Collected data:
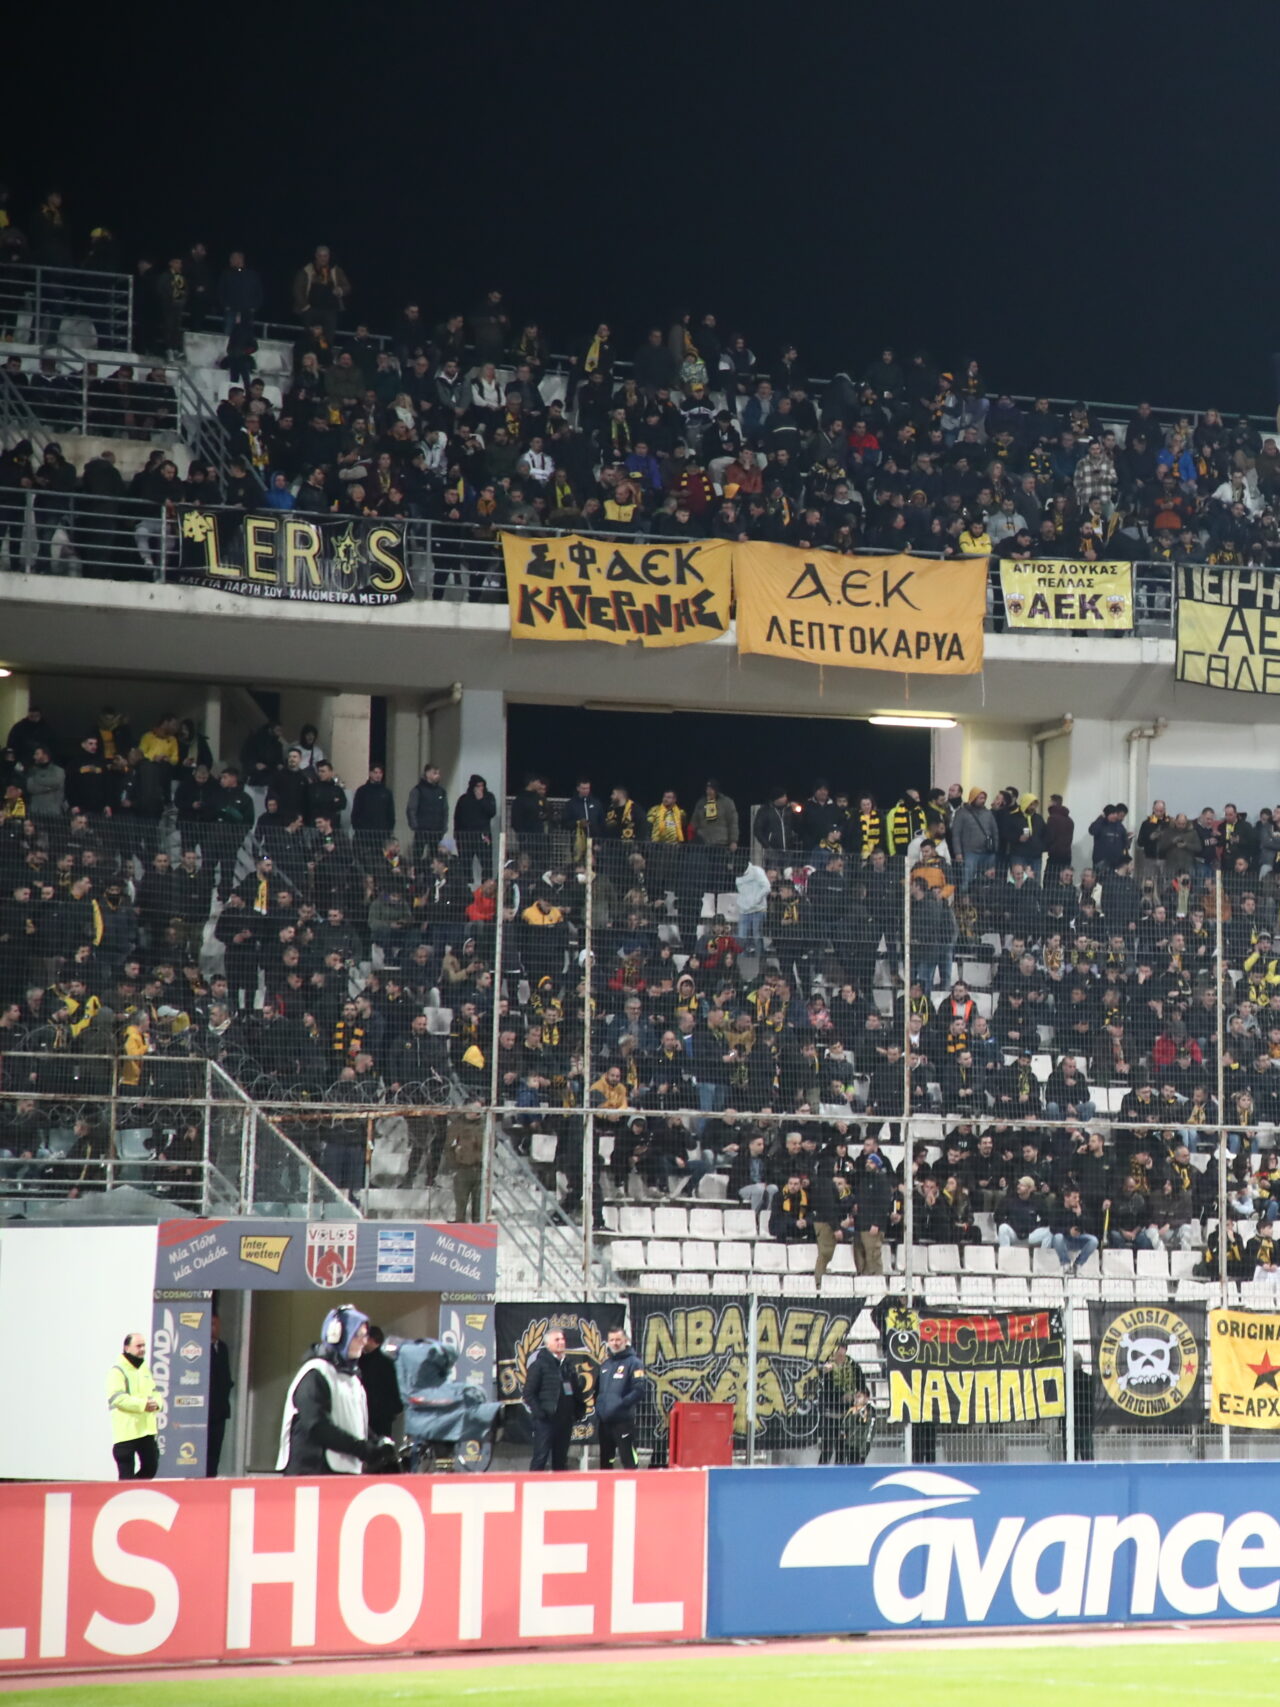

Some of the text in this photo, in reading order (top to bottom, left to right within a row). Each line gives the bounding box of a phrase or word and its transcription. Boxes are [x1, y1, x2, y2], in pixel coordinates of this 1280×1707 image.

[1013, 563, 1118, 576] ΑΓΙΟΣ ΛΟΥΚΑΣ
[1037, 577, 1095, 589] ΠΕΛΛΑΣ
[264, 586, 283, 599] ΣΟΥ
[289, 589, 356, 604] ΧΙΛΙΟΜΕΤΡΑ
[1027, 592, 1105, 620] ΑΕΚ
[517, 583, 724, 636] ΚΑΤΕΡΙΝΗΣ
[766, 615, 965, 662] ΛΕΠΤΟΚΑΡΥΑ
[242, 1237, 268, 1250] inter
[244, 1249, 281, 1259] wetten
[1102, 1310, 1197, 1356] ANO LIOSIA CLUB
[1117, 1387, 1184, 1415] ORIGINAL 21
[226, 1479, 685, 1651] HOTEL

**EXERCISE PROMPT**.
Please retype every record above exactly, leaving out the pictures.

**TASK RESPONSE**.
Some of the text in this photo, in reading order (top to bottom, left to right within a row). Each line gives the bounding box of a phrase or word and its transcription. Boxes are [x1, y1, x2, y2], in pixel coordinates of this 1280×1707 image.

[1013, 563, 1118, 576] ΑΓΙΟΣ ΛΟΥΚΑΣ
[1037, 577, 1095, 589] ΠΕΛΛΑΣ
[264, 586, 283, 599] ΣΟΥ
[289, 589, 356, 604] ΧΙΛΙΟΜΕΤΡΑ
[1027, 592, 1105, 620] ΑΕΚ
[517, 583, 724, 636] ΚΑΤΕΡΙΝΗΣ
[766, 615, 965, 662] ΛΕΠΤΟΚΑΡΥΑ
[242, 1237, 268, 1250] inter
[244, 1249, 281, 1259] wetten
[1102, 1310, 1197, 1356] ANO LIOSIA CLUB
[1117, 1387, 1184, 1415] ORIGINAL 21
[226, 1479, 685, 1651] HOTEL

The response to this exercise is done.